ゴーン事件 元秘書室長「指示行うのが私の役割」[2020/10/30 21:42]

 日産自動車の元会長、カルロス・ゴーン被告が起訴された事件を巡り、検察と司法取引に合意した日産の元秘書室長が裁判に証人として出廷し、「ゴーン被告の指示を行うことが私の役割だと思っていました」と証言しました。

 〈検察側の“最重要証人”〉
 日産の有価証券報告書にゴーン被告の報酬を91億円余り少なく記載したとして起訴された元代表取締役、グレッグ・ケリー被告の裁判では、大沼敏明元秘書室長が先月29日から証人として出廷しています。大沼元室長は2007年から10年以上にわたり秘書室長を務め、ゴーン被告の報酬を管理していたとされています。

 〈「未払い報酬」を管理〉
 これまでの尋問で大沼元室長は、ゴーン被告の各年度の確定した総報酬、実際に支払われた報酬、延期され未払いとなっている報酬を管理するようゴーン被告から指示されたと述べました。そのうえで、ケリー被告とともに「未払い報酬」の支払い方法などについて検討した過程を時系列に沿って証言しました。ケリー被告からは「ゴーン被告に対する延期された未払い報酬の総額は今いくらくらいなのか」などと問われたこともあり、ゴーン被告らが逮捕される5カ月前のおととし6月には、ゴーン被告の未払い報酬の額を1円単位で記載した書面を見せながら「約90億円」と伝えたと証言しました。

 〈「司法取引」に合意〉
 また、大沼元室長は司法取引に合意した経緯についても証言しました。
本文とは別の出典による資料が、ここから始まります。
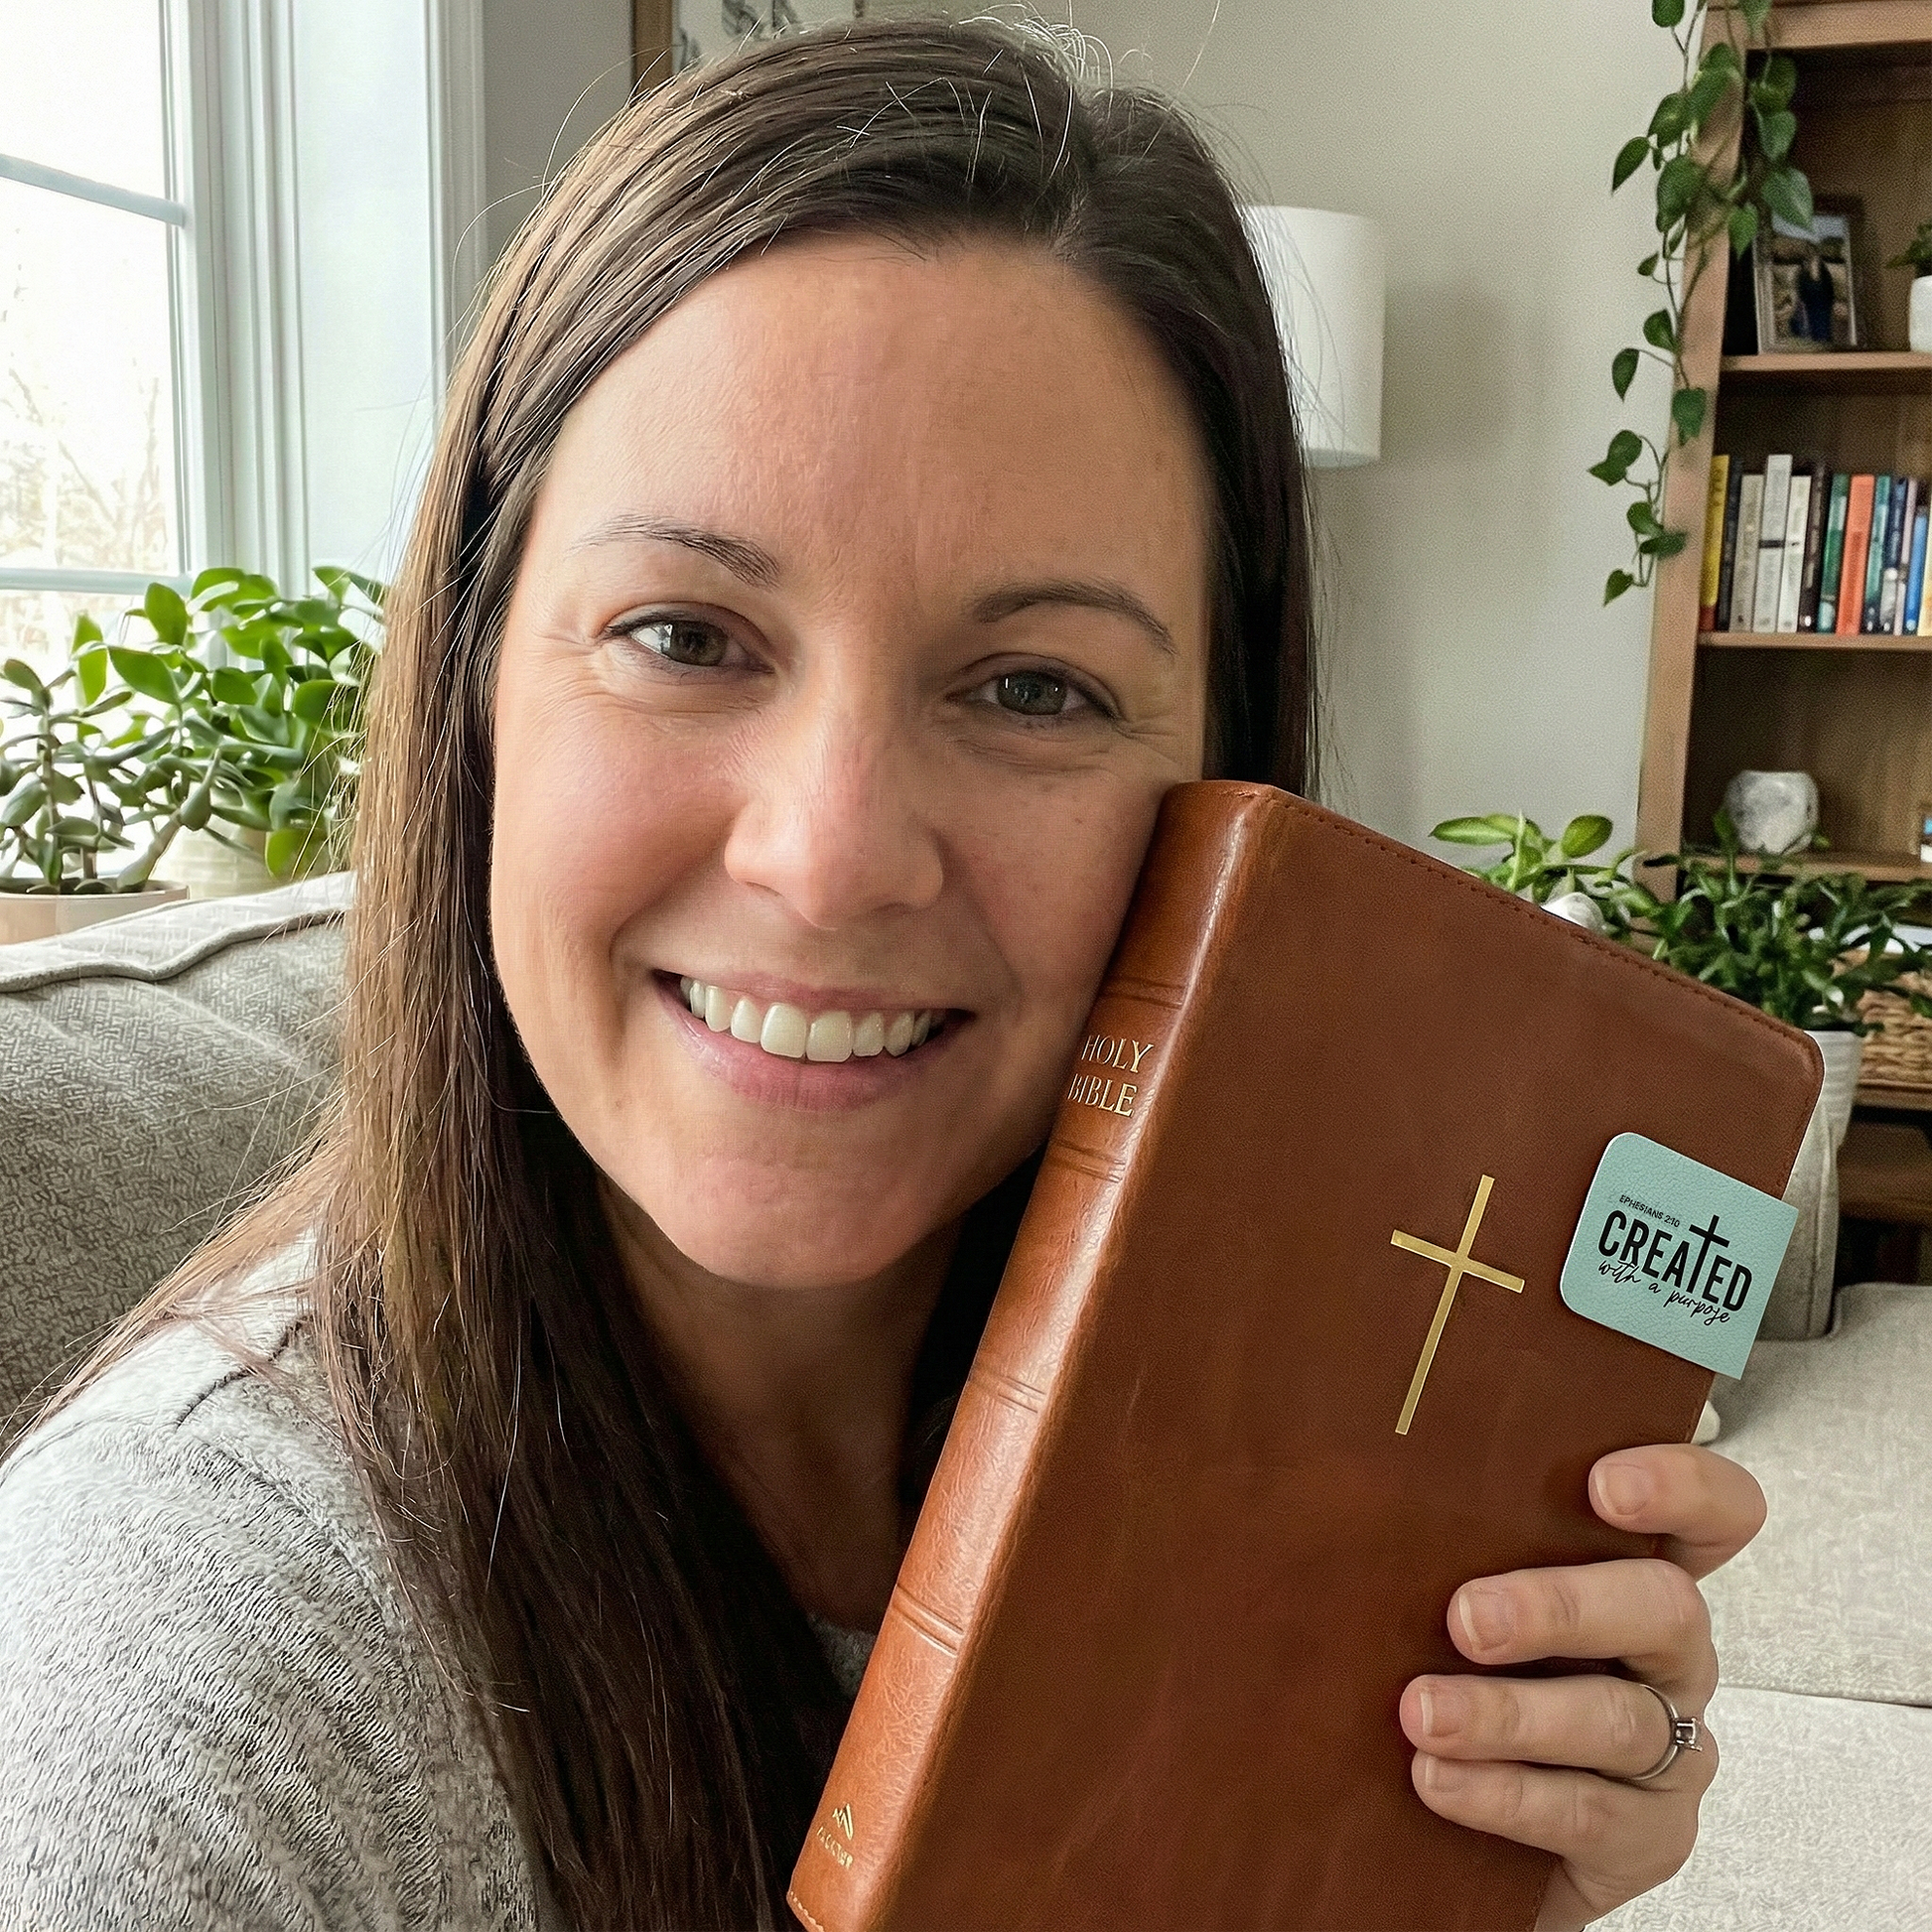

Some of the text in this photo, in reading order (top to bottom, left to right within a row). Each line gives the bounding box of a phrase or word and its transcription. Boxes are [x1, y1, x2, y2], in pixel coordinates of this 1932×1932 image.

おととし10月初旬、社内調査を担当していた監査役に「知っていることを検察に行って話してほしい」と促され、検察の事情聴取に複数回応じたと説明しました。その後、10月末には弁護士が司法取引の協議を申し入れ、11月に司法取引に合意したと述べたうえで、「合意が成立して不起訴になると言われた時には安心した」と証言しました。

 〈「清濁併せ呑む職務だと…」〉
 11回目の尋問となった今月29日、ゴーン被告との関係について問われた大沼元室長は、ゴーン被告と接するときは「いつも緊張していた」としたうえで、ゴーン被告の指示に対し反対の意見を述べたら「秘書室長から外されると思っていた」と述べました。ゴーン被告の報酬の開示逃れは間違っていると認識していたものの、「秘書室長として清濁併せ呑む気持ちでやっていた。そういう職務だと思っていた」と述べました。一方で、経営者としてのゴーン被告について問われると「近くにいて感じたのは、意思決定が早く、ぶれない人」などと話し、10年以上続けた秘書室長の仕事について「誇りを持っていたし、やりがいもあった」と声を詰まらせるながら述べる場面もありました。

 〈今後の裁判は〉
 50時間に及んだ大沼元室長への検察側の尋問はこの日で終わり、来月10日からはケリー被告の弁護側からの尋問が行われます。ケリー被告は無罪を主張していて、大沼元室長の証言の信用性などについて追及するものとみられます。